Da oggi, martedì 31, nel Transatlantico di Palazzo Zanca a Messina è visitabile una mostra “silenziosa”, finalizzata a manifestare un segno tangibile di vicinanza e di solidarietà al dolore e ai sacrifici delle donne afghane che stanno vivendo uno dei momento più bui cui l’umanità sta assistendo, dopo i recenti fatti di Kabul. Tra le varie opere d’opere arte, una in particolare è diventata “famosa” sui social: un artista infatti ha realizzato un quadro e poi ha disegnato con una bomboletta il simbolo di genere del sesso femminile, “sporcando” il ritratto. Molti non hanno capito che quel segno era voluto, lo hanno interpretato come un atto vandalico. Ecco che sui social è esplosa un gran dibattito, con molti che hanno ironizzato su colore che sono rimasti sorpresi dal gesto. “È stato il gruppo consiliare del PD, nottetempo! Per fare opposizione al sindaco! Vergogna!”, commenta ironicamente il Consigliere Comunale Alessandro Russo.

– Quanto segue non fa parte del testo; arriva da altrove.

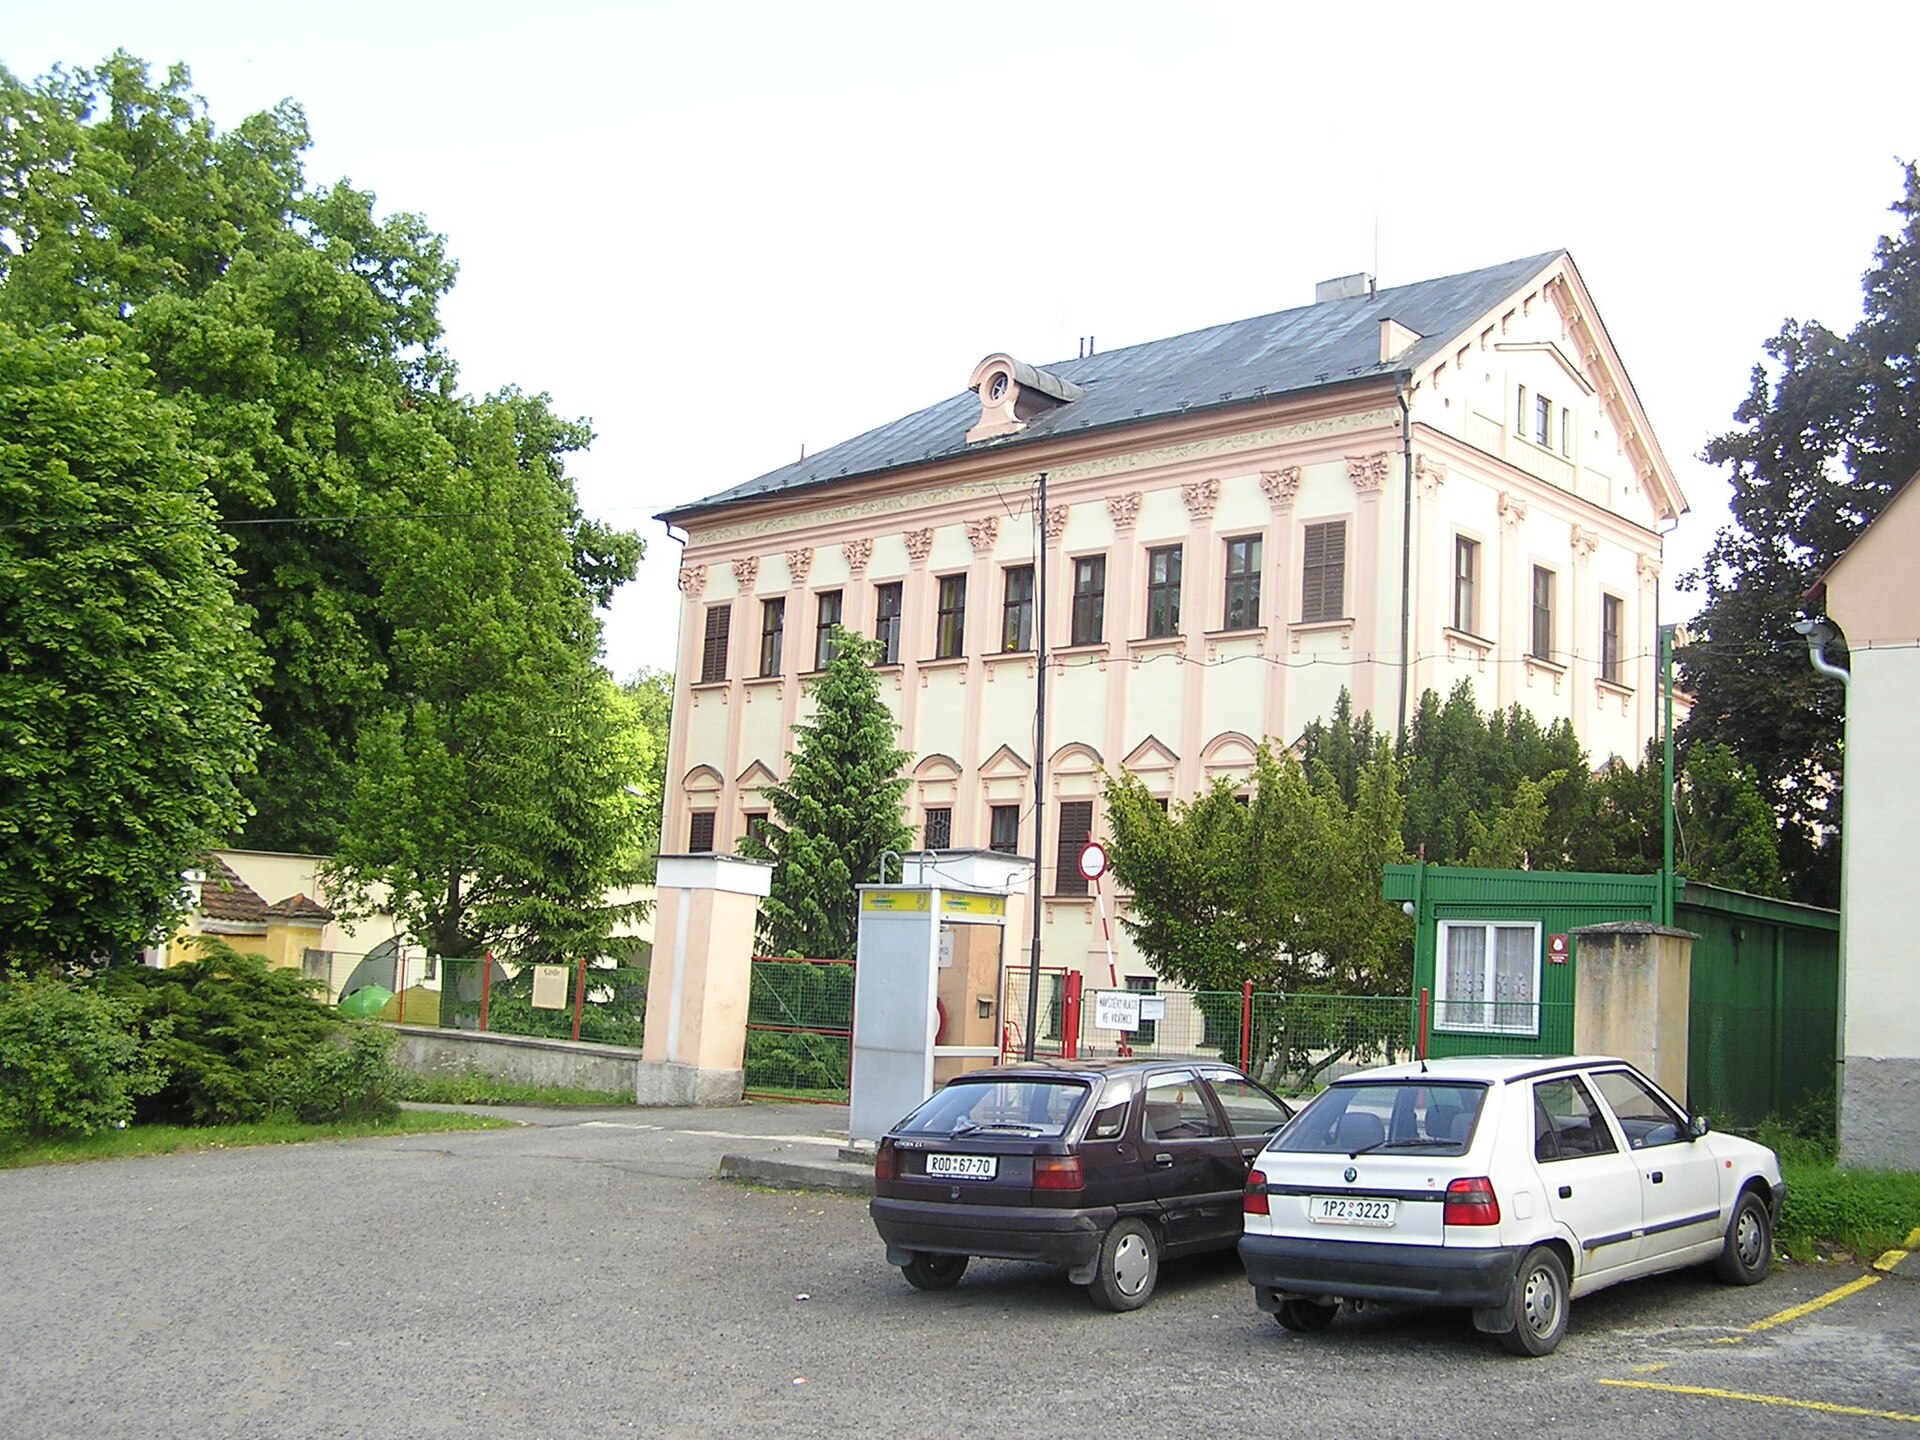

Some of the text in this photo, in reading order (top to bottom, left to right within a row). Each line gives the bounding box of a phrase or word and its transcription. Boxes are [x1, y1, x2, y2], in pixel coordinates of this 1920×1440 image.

[931, 1157, 952, 1172] ROD
[958, 1159, 991, 1174] 67-70
[1322, 1200, 1390, 1220] 1P2 3223

L’iniziativa, organizzata e curata dall’esperto del Sindaco di arte contemporanea Alex Caminiti, in sinergia con gli Assessori alle Pari Opportunità Laura Tringali e alla Sicurezza Urbana Dafne Musolino, e in collaborazione con gli artisti del GAS collettivo d’arte indipendente, comunque si è rivelata un gran successo. L’intento è quello, attraverso il linguaggio dell’arte, di dire condannare la violenza perpetrata dai talebani al popolo afghano e in particolare alle donne. Protagonisti dell’evento saranno artisti provenienti da diversi Paesi del mondo: Felipe Cardena, Spagna; Svetlana Grevenyuk, Ucraina; Baxter, Regno Unito; Sadif, Egitto; Gimaka, Senegal; Scoot Mecfarland, Nuova Zelanda; Maori, tribù Paitangi; Ma Lin, Cina; e gli artisti italiani Alessandro Follo, Roberta Dallara, Giovanni Gatto, e Sabrina Di Felice. “La fuga verso l’Occidente da Kabul e l’avvento dei talebani che hanno preso il comando dell’Afghanistan ha destato preoccupazione per chi ha a cuore – evidenzia l’esperto Caminiti – la salvaguardia dei diritti umani e la vita dei soggetti più a rischio, come donne e bambini, il cui destino è nuovamente consegnato a un indicibile orrore. Sono nostre madri, amiche, sorelle. Pertanto, attraverso l’allestimento di questa mostra intendiamo fare rete contro ogni forma di violenza ed essere vicini a tutte quelle studentesse di Kabul che nascondono i documenti di iscrizione all’università e che bruciano i vestiti e svuotano le trousse con i loro trucchi, che chiudono i profili Instagram, e che si procurano dei chadari, i burqa afgani per scongiurare la violenza dei talebani”.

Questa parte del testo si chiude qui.